窓の向こうに

月に数回映画館に通う程度の映画ファンです。自分が見た映画やドラマの感想を書いています。

のだめ映画の謎が解ける

先日、やはりのだめ映画を観た人と映画の話題になり、いろいろと示唆を与えられたのでメモ。

 ――のだめはコンクールにこだわり過ぎだと思う。そもそも音楽大学というのがどういうところか、よくは知らないけど、定期的に試験があって、学生同士の熾烈な争いがあって、……そういう意味では毎日がコンクールみたいなものじゃない。それなのに、日々の課題を疎かにしてコンクールに出るも何もないでしょう。オクレール先生のいうことは、僕も賛成だな。

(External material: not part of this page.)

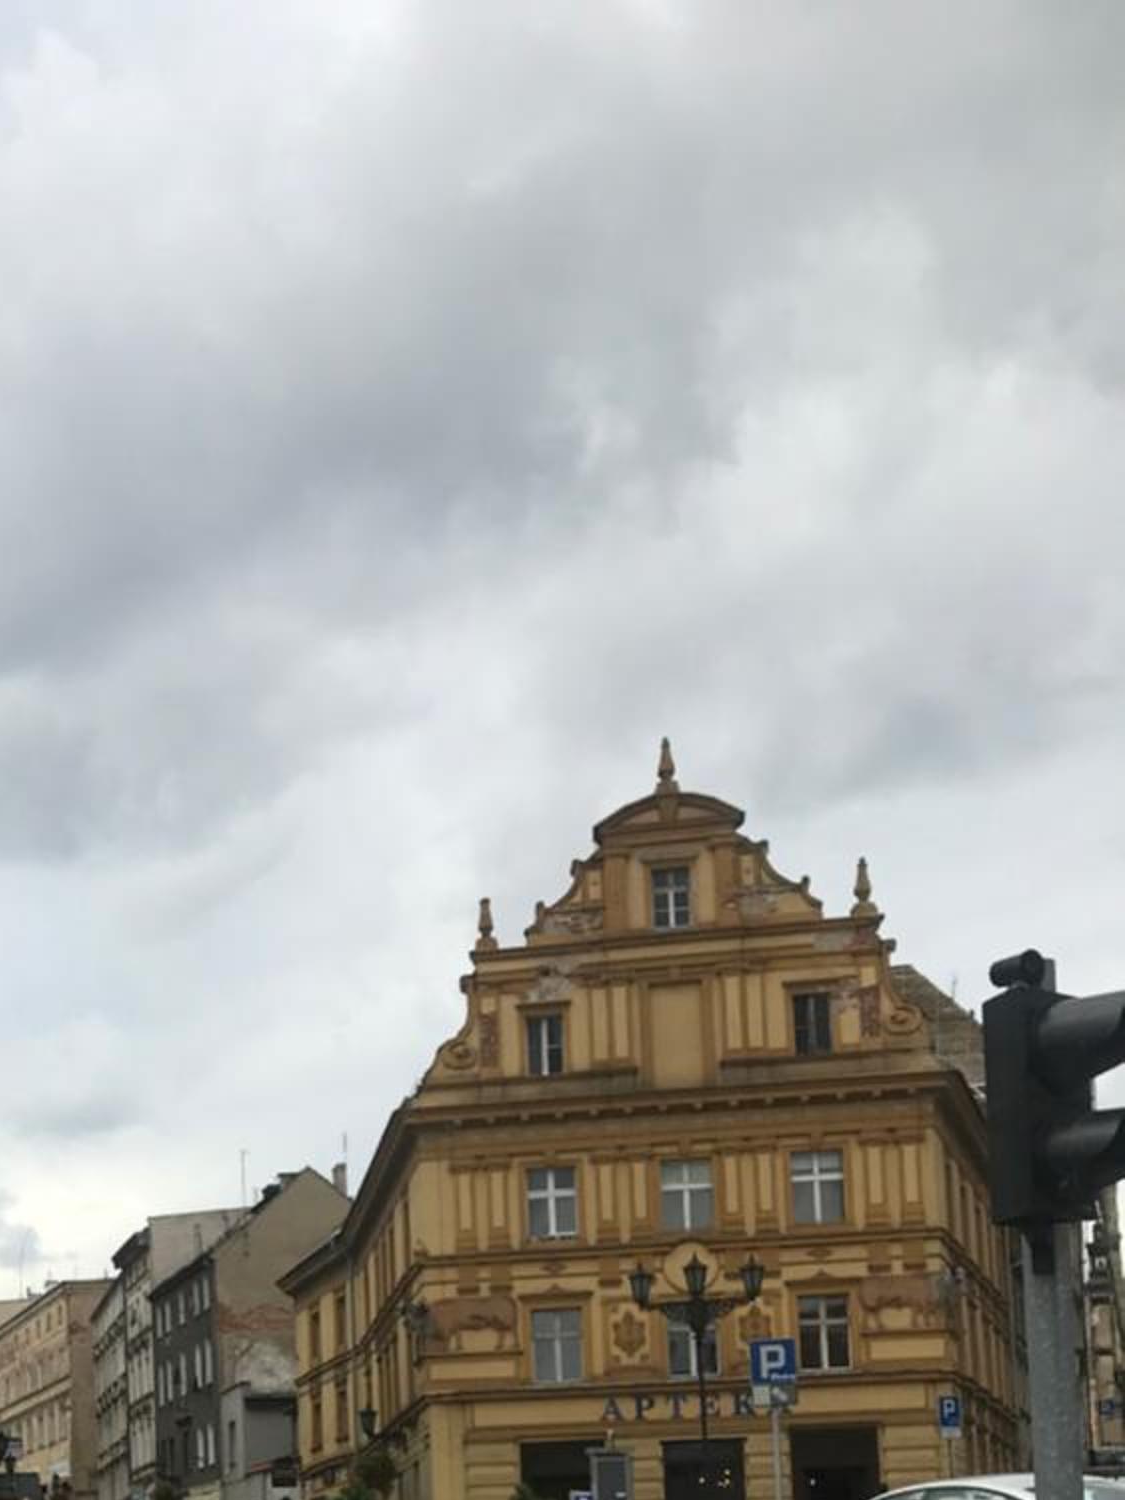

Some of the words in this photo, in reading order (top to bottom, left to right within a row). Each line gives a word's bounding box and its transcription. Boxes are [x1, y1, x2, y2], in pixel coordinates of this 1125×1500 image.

[760, 1344, 786, 1380] P
[603, 1392, 796, 1422] APTEK
[943, 1399, 956, 1418] P

「いくら音楽大学を出たって、大半の人はピアノの先生とか幼稚園の先生とかになるんデスよ。コンセンヴァトワールで首席になったからといってプロへの道が約束されているわけじゃない。だから、本当にプロを目指している人は、なんとかチャンスをつかもうと必死なわけデスよ。コンクールでファイナルに残れば、誰かが目をつけれくれて、デビューのチャンスがあるかも知れないから」

 ――しかし、のだめの場合は、プロになることが必ずしも目標ではなくて、千秋に認められればいいんだろ。試験で常にトレビアンを取るとか、いや、部屋で課題曲を弾いて、それで千秋が「うまいな」って言ってくれればそれでいいわけじゃん。

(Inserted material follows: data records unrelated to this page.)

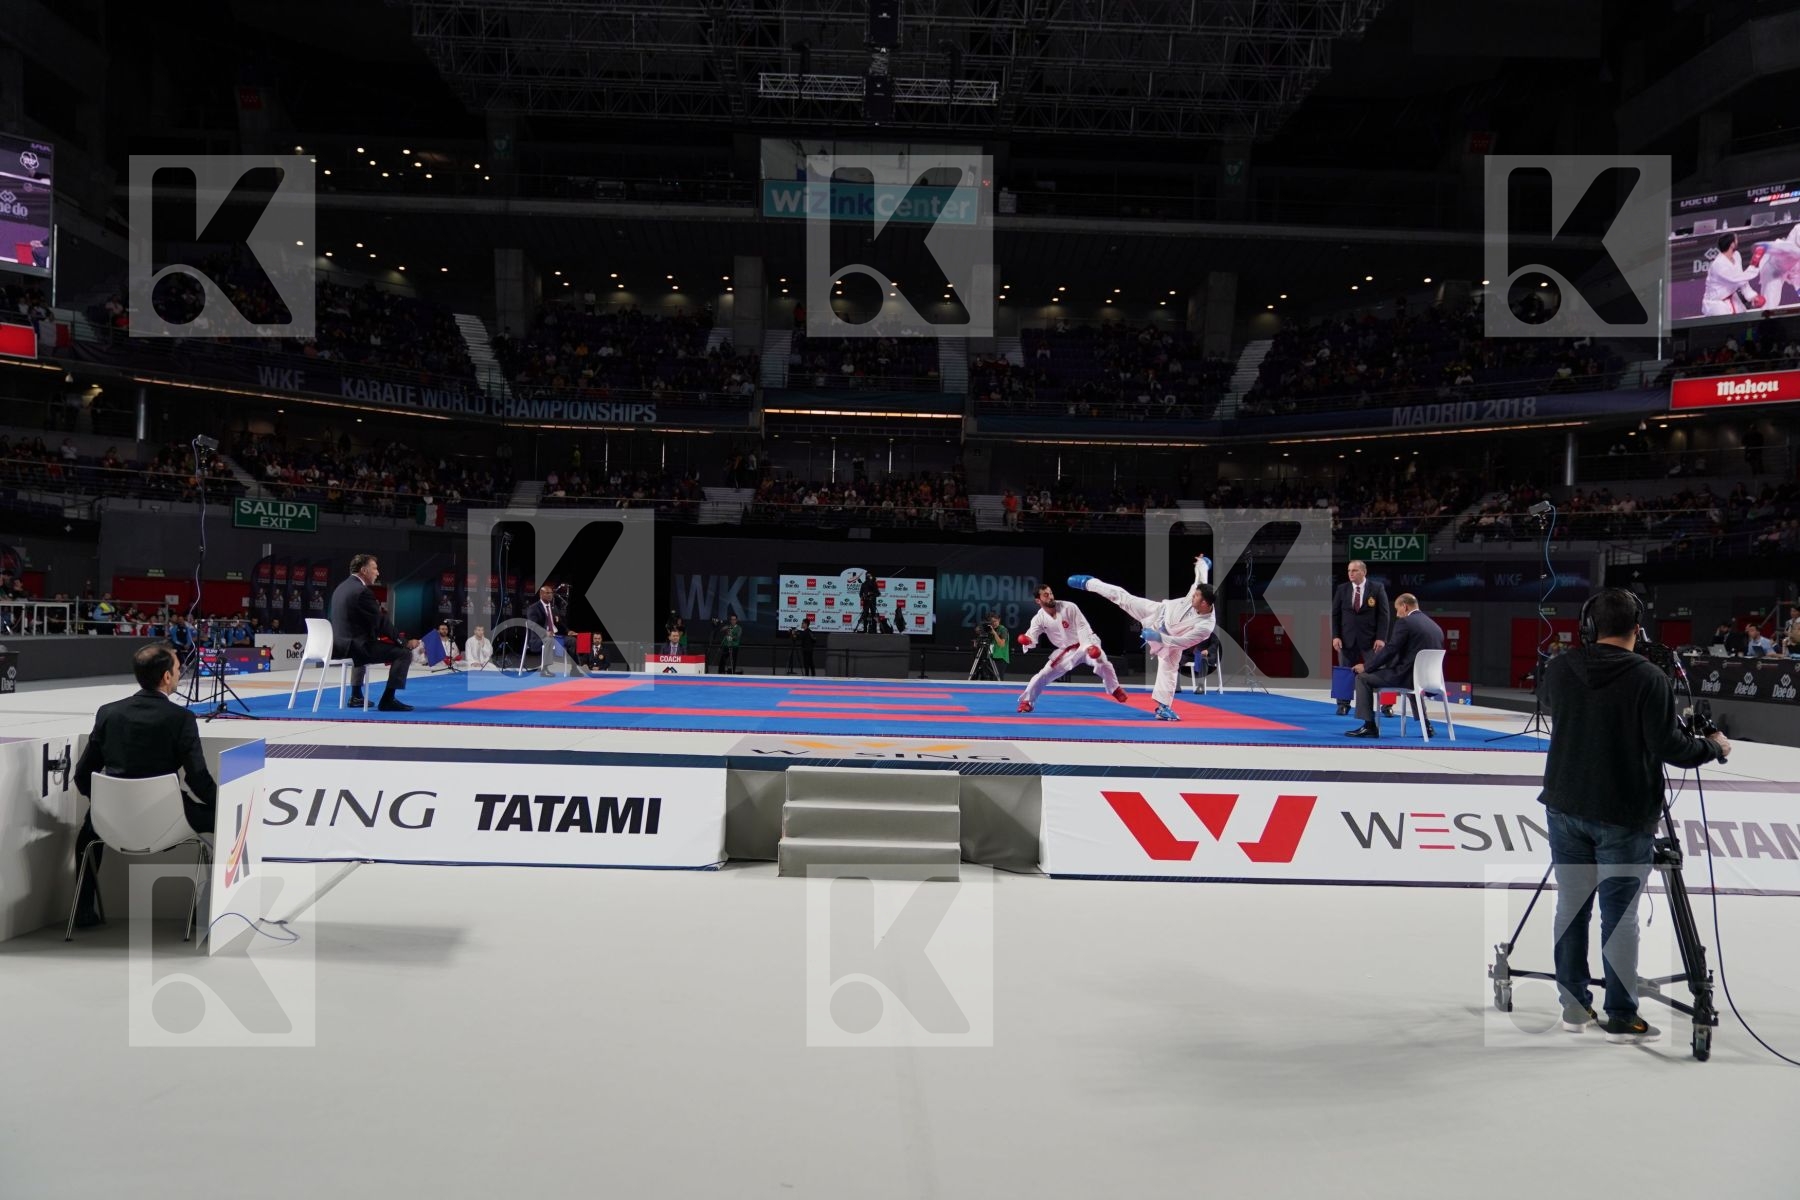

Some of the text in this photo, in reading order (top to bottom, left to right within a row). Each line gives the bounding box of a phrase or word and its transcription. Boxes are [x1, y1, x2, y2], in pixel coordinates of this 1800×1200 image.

[257, 365, 306, 391] WKF
[1716, 379, 1779, 396] Mahou
[340, 376, 657, 423] KARATE WORLD CHAMPIONSHIPS
[1392, 396, 1536, 427] MADRID 2018
[240, 500, 312, 519] SALIDA
[260, 516, 292, 529] EXIT
[1353, 536, 1420, 550] SALIDA
[1371, 550, 1401, 560] EXIT
[941, 573, 1040, 601] MADRID
[1494, 573, 1523, 586] WKF
[674, 574, 773, 622] WKF
[660, 655, 681, 663] COACH
[474, 794, 662, 834] TATAMI
[1340, 810, 1550, 852] WESIN
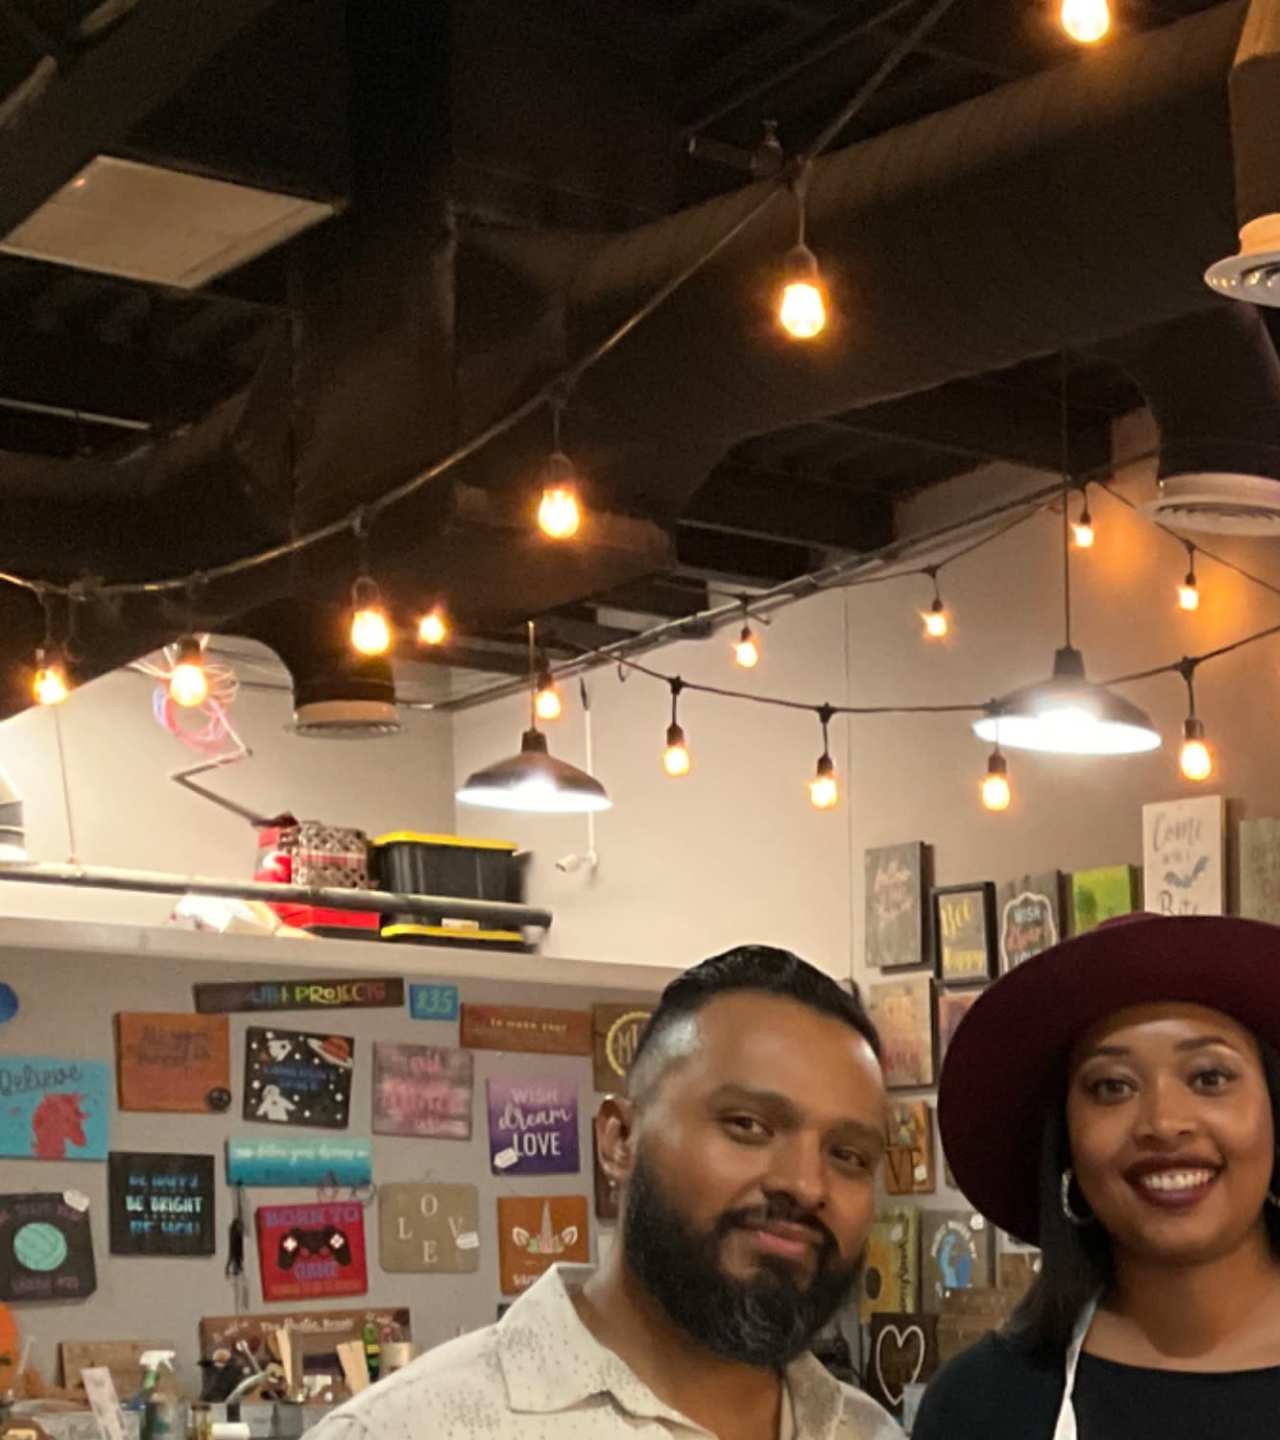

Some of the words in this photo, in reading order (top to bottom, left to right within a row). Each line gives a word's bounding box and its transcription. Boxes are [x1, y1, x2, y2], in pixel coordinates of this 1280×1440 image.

[499, 1104, 572, 1131] dream
[513, 1132, 561, 1156] LOVE
[150, 1196, 203, 1213] BRIGHT

「千秋先輩がそんなこと言うなんて、それこそあり得ないじゃないデスか! 映画の最後で連弾した時、千秋先輩がなんて言ったか覚えてます? 本当はすごく感動しているのに、『俺様が奇跡的に合わせてやったから……』って、こう言う人ですよ。だから、コンクールで優勝とか、そういう客観的な評価がほしいんでしょ、のだめは。これだったら千秋先輩と釣り合うと、自分も納得でき、先輩も認めざるを得ないような」

 ――でもさ、コンクールがどうとかいう前に、コンヴァトで2年、あれだけいろいろな課題をやって、自分で自分の成長を実感できるんじゃないか? よく人の家に行った時に、応接間にピアノが置いてあることがあって、その上に乗っている楽譜をついチラっと見ちゃうんだけど、どんな曲をやっているか見るだけで、その人の能力がわかるところがあるじゃない。のだめも、課題曲をこなしながら、ああ私もこんな曲が弾けるようになったんだって……

「のだめにとっては、世間的な難易度なんて関係ないんデス。他の人にとって難しいと言われている曲でも、自分が気に入ればパッと弾けてしまうし、簡単な曲でも、自分が理解できない曲はいつまでも弾けない。千秋先輩は、のだめの課題曲のリストを見ただけで『もうこんなレベルまできたのか』とわかったけど、そういうのはのだめはわからないんですよ」

 ――なるほど……。じゃ、オクレール先生が「なんでこれが課題曲なのかわかってる? 弾かされているだけ?」って訊く場面があるけど、あの指摘はやっぱり正しかったわけだ。のだめは課題曲の意味を全然わかっていなかったんだね。千秋も、ひとつひとつの曲だけでなく、どうしてこの曲がこういう順で課題に出されているか、それを説明してやれば良かったのにね。

 ――千秋といえば、テオが「君は若いのにはっきりものをいう人だって聞いたから」という場面があるけど、むしろ言うべきことを言わない人だという印象が強いな。モノローグでつぶやいていることを、「それを声に出して目の前の人に言ってやれ」と思ったことが何度もある。ケイタイの娘のカトリーヌちゃんに「パパはすごく練習してるよ」と言われて、「リハの演奏を聴いていれば、彼がどれだけ練習しているかわかるよ」と答えていたけど、それを本人に言ってやればモチベーションもすごく上がるだろうにね。

「はっきりものをいう、というのは欠点の指摘に関してでしょ。千秋先輩は他人を褒めることのできない人だから。そういう言葉を持っていないんデスよ。誰に対しても褒めたことがないでしょう」

 ――自分より格下の人間に対しては、いくら頑張ってもまだ俺より下、と思っているから褒めたくないんじゃないか。自分より上の人間に対しては素直になっているでしょう。

「そんなことありましたっけ。いつですか」

 ――シュトレーゼマンに対しては……あなたには長生きしてほしいから、酒も女もほどほどにしたらどうですか、って言う場面がテレビ編であった。